Almost a mini-Bengal, a small market has come up in the middle of the village dotted with cyber cafes, provision stores, medicine stores, eating joints serving Bengali dishes and various shops to serve the demand of the local people.

The locals’ cause found poll-time resonance when Prime Minister Narendra Modi, addressing a public meeting in Pilibhit on April 9, said the people who fled due to atrocities in foreign countries, are Hindus and Sikhs, “they are our own people and should be given citizenship” even as he attacked the Congress and Samajwadi Party for opposing CAA due to their “appeasement policies”.

The families staying in Pilibhit, who have come from other countries will benefit from CAA, the prime minister said.

Less than a week later, Dipankar Mistri, 24, resident of Ramnagara village in Puranpur tehsil of Pilibhit district, was seen scanning the applications submitted by villagers for uploading on the Indian Citizenship portal.

A Class 12 passout, Mistri set up a makeshift cyber cafe near Sharda Sagar Dam that touches the border of Uttarakhand and Nepal.

“I have been uploading the applications of villagers on the portal. I know the eligibility norms and documents that are required to apply for Indian citizenship. A majority of the villagers’ applications have been uploaded. Initially, there were some hiccups due to the extra documents sought by MHA, but the matter has been sorted out. We are eagerly waiting for Indian citizenship to get rid of the Bangladeshi tag,” he said.

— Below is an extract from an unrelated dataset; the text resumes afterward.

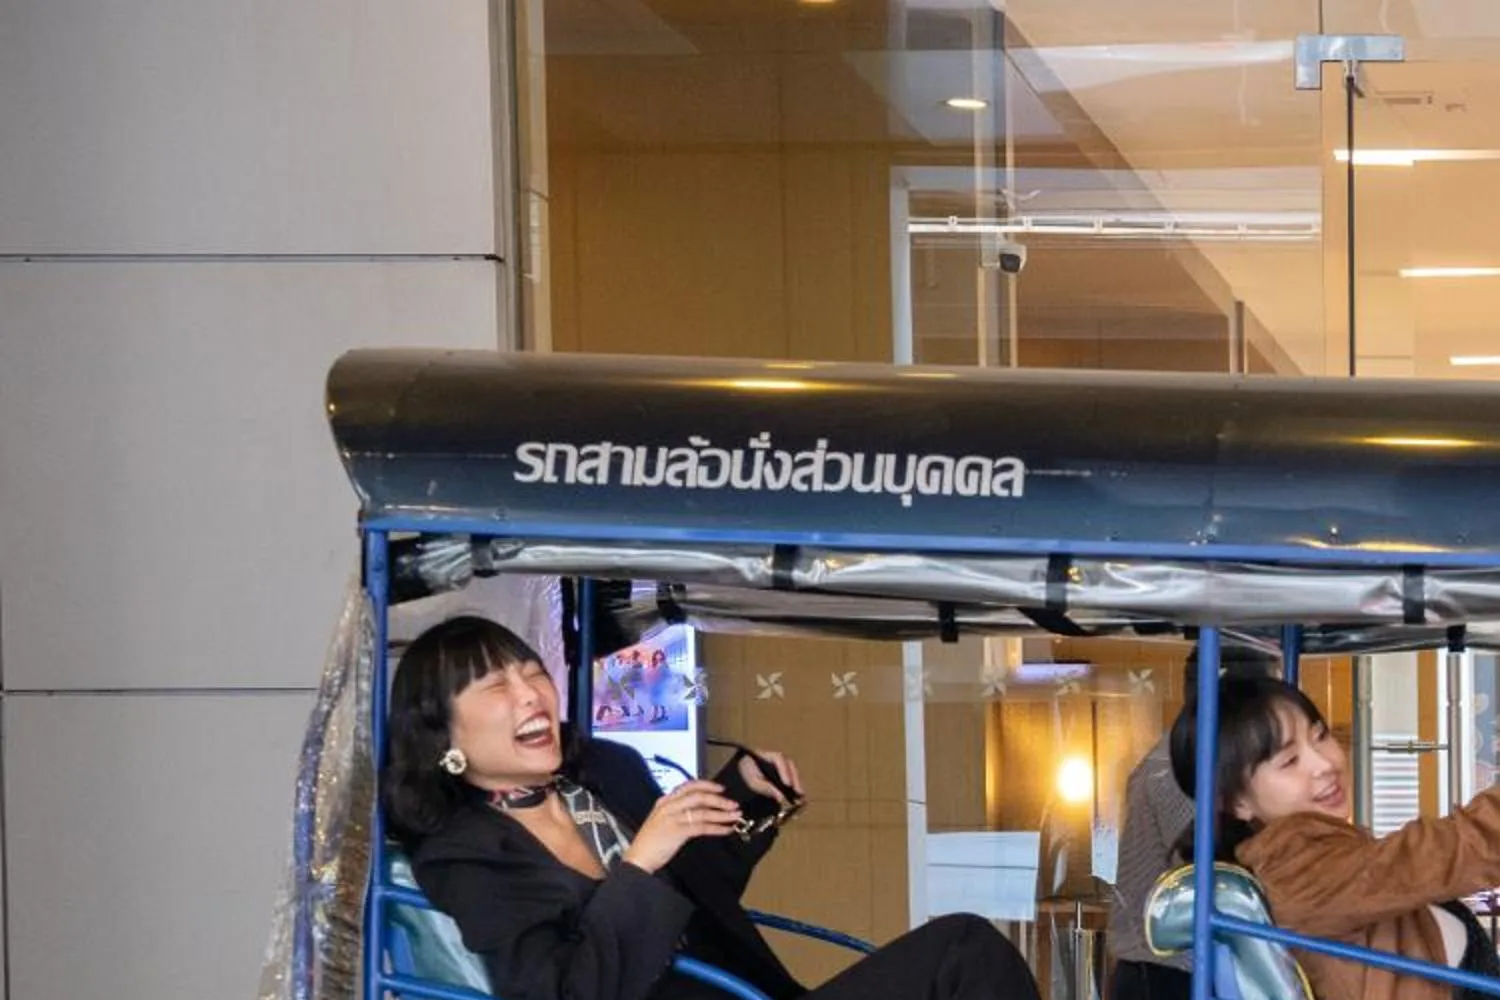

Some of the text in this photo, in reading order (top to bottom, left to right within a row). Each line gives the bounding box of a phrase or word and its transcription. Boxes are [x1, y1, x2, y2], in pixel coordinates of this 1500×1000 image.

[514, 432, 1025, 507] รถสามล้อนั่งส่วนบุคคล

Mentioning his roots, he said, “My grandfather migrated from Bangladesh, then known as East Pakistan, during the 1971 Indo- Pak war to seek refuge in India. We were allotted land near the Sharda river in Pilibhit. My father started agriculture on the land. I was born in Ramnagara village. Though we have been living in the area for three generations, the local administration treats us as outsiders. We have to run from pillar to post to get the benefit of government schemes. The Indian government’s announcement about granting us citizenship has come as a ray of hope. We will be treated on par with Indian citizens and India will be our homeland.”

A majority of the settlers have Aadhaar cards, voter identity cards and ration cards and their children are enrolled in local schools.

“We have all the documents provided by the government to the citizens, yet our fate hangs in the balance. Once we are registered as genuine citizens, we will live comfortably without harassment by the local police,” said Vishnu Mandal, a villager.

Harshit Mahto, 78, who came from Faridpur district in Bangladesh, said, “We have been staying in Pilibhit for three decades. My children were born and grew up in Ramnagara village, but our grievances are not disposed of by officers of Puranpur tehsil, under which the village is located. For jobs abroad, we require passport, but our application was rejected during police verification.”

Suval Das, 80, came to the village from West Bengal but is treated as a Bangladeshi by the local administration. His son Sameer Das runs a sweet shop in the market.

“Our name has been deleted from the voters’ list,” Das said and added, “I have submitted documents to officers, but the names of my family members have not been registered in the electoral roll. Our children are denied government jobs.”

Suchitra Das, 55, who migrated from Jessore district in Bangladesh, said, “The documents submitted for registration are required to be attested by local resident. A Sikh farmer Manjit Singh had attested my documents and is the witness in my case. I deposited 200 at the cyber cafe for uploading the documents on the portal whereas the government has fixed a charge of 55 per form.”

The CAA amends the Citizenship Act of 1955 to pave the way for providing Indian citizenship to Hindus, Sikhs, Christians, Buddhists, Jains, and Parsis who migrated from neighbouring Muslim-majority countries such as Pakistan, Bangladesh, and Afghanistan before December 31, 2014.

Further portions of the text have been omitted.